What you say make sense, it is right too.
Not enough sense, apparently.
But are you listening to me?
Of course I'm listening to you. The problem is, you aren't listening to yourself.
A while back, I was pre-reading a story that someone wrote, and I had to tell them that the dialogue sucked; it sounded stilted and unrealistic. I told him to try reading it to himself to see what I meant. He took me more literally than I'd intended and actually recorded himself reading the entire story, then listened to it, and he told me that the experience really helped him understand just what was wrong with his dialogue. So I'm going to suggest that to you - before you write posts like this, read them to yourself, aloud if need be, to see whether what you wrote is really as clear as you thought it was when you originally wrote it.
I am talking about my existence. I know that you can see me, but I could argue that I was only in your imagination. I cannot be only in your head if I moved the tree that you asked me to move.
If I were truly that delusional, I could not trust other things that I seemed to perceive. Maybe the tree was never blocking the road to begin with; maybe I just imagined that it was. See the problem? If the fact of my seeing you is in question, then the fact of my seeing the tree is also in question. Therefore, you cannot use the tree being moved as evidence of your existence, because the tree could have only been in my imagination too.

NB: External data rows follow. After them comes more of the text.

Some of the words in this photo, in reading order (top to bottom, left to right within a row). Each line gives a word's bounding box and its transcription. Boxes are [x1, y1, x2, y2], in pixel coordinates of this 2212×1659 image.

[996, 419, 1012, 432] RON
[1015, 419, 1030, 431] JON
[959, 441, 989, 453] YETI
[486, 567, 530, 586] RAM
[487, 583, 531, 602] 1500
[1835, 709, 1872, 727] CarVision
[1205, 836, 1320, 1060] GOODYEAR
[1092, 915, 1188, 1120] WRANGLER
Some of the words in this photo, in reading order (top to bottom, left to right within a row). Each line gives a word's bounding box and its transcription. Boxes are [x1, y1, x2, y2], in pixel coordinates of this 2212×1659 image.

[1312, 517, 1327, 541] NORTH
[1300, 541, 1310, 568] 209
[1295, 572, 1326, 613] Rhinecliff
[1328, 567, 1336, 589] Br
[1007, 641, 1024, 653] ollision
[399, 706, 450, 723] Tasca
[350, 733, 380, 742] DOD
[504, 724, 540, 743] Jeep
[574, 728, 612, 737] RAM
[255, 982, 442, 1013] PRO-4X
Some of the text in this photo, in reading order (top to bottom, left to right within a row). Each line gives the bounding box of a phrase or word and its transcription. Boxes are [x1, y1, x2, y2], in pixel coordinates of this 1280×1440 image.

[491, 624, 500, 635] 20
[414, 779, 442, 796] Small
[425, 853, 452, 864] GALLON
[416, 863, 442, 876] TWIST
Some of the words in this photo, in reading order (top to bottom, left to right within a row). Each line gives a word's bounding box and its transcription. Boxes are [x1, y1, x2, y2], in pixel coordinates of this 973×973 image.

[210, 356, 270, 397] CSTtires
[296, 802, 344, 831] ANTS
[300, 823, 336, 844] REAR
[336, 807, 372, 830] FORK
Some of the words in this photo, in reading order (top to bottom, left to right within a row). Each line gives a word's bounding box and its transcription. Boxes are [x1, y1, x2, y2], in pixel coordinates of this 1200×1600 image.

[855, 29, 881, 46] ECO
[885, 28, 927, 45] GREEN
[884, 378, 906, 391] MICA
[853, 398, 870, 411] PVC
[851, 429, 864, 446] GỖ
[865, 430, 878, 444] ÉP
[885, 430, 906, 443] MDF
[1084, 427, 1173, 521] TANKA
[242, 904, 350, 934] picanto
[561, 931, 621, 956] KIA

Let's say that for this example, I moved the tree simply by pushing it out of the way with my bare hands. You didn't see me push it away because you closed your eyes. I come back to the car and tell you to go. All the information you have is you are here, in a car and there was a tree blocking the road that is not there anymore. You "know" that I'm here (since your senses can be fooled). Isn't the fact that the tree is not blocking you anymore after you ask me to move it for you proof enough of my existence? Don't you believe in the existence of stuff with less proof than that?
Even if I would have been willing to simply close my eyes and let you move the tree for me (which is exceedingly doubtful; I would have helped move it), I would have been able to hear you moving the tree. And before you try to revise your example by saying you asked me to cover my ears, I would have point-blank refused someone asking me to close my eyes and cover my ears in a situation like that, no matter how well I knew them.
That aside, my point from earlier stands. If I can be fooled into hallucinating a person offering to move a tree for me, I can be fooled into hallucinating the tree that has to be moved. You cannot use moving the tree as proof of your existence since the only way I knew the tree was there was through those very same senses that you just got done saying could be fooled. So your analogy fails; a miraculous healing does not prove the existence of your god or any other supernatural being when there is no other evidence of that being present where the healing happened.
I know, miracles are not simple mater. It is very complicated to recognize one. It takes time and many people. You have to make sure it is not "luck" of "natural healing" or anything that it could be before claiming it is a miracle.
How many times do I have to tell you that you cannot conclude that something is a divine miracle simply by excluding all known causes for it? Not to mention that then you're constraining your god by saying that anything that has a known cause couldn't have been done by him. More accurately, you're engaging in the god of the gaps fallacy; there is no reason at all to conclude that a divine being could not work through something in the natural world to heal someone rather than just making it happen through unexplainable magic.
It comes back to how would YOU do it? You seem to say that the system in place is not good. I can understand how it can be perceived as flawed when it is looked from afar. But then you can take a little time with your conscience and ask her what would make YOU accept the miracle? Can you trust your senses?
The second you start asking someone what it would take for them to accept something as a miracle, you've pretty much lost the argument. Why should I tell you what it would take for me to accept a miracle? Pray to your god if you want to know; I grant him permission to tell you that and only that. I am an honest person; if you state what your god tells you as a result of this prayer, I will truthfully state what my most basic criteria for "is that a miracle" is. I will not lie in any way. You don't even have to get it perfectly right, since it would be unfair to expect you to phrase it exactly the way I would.
How was the way they declared the miracle as such different to the way YOU would find acceptable?
I cannot answer this without prejudicing my challenge to you, but I can say this. Their criteria, that there must be no known explanation for it to be considered as a possible miracle, is based on the assumption that a natural event cannot have a supernatural cause, which constrains your god to only working miracles through things that have no explanation.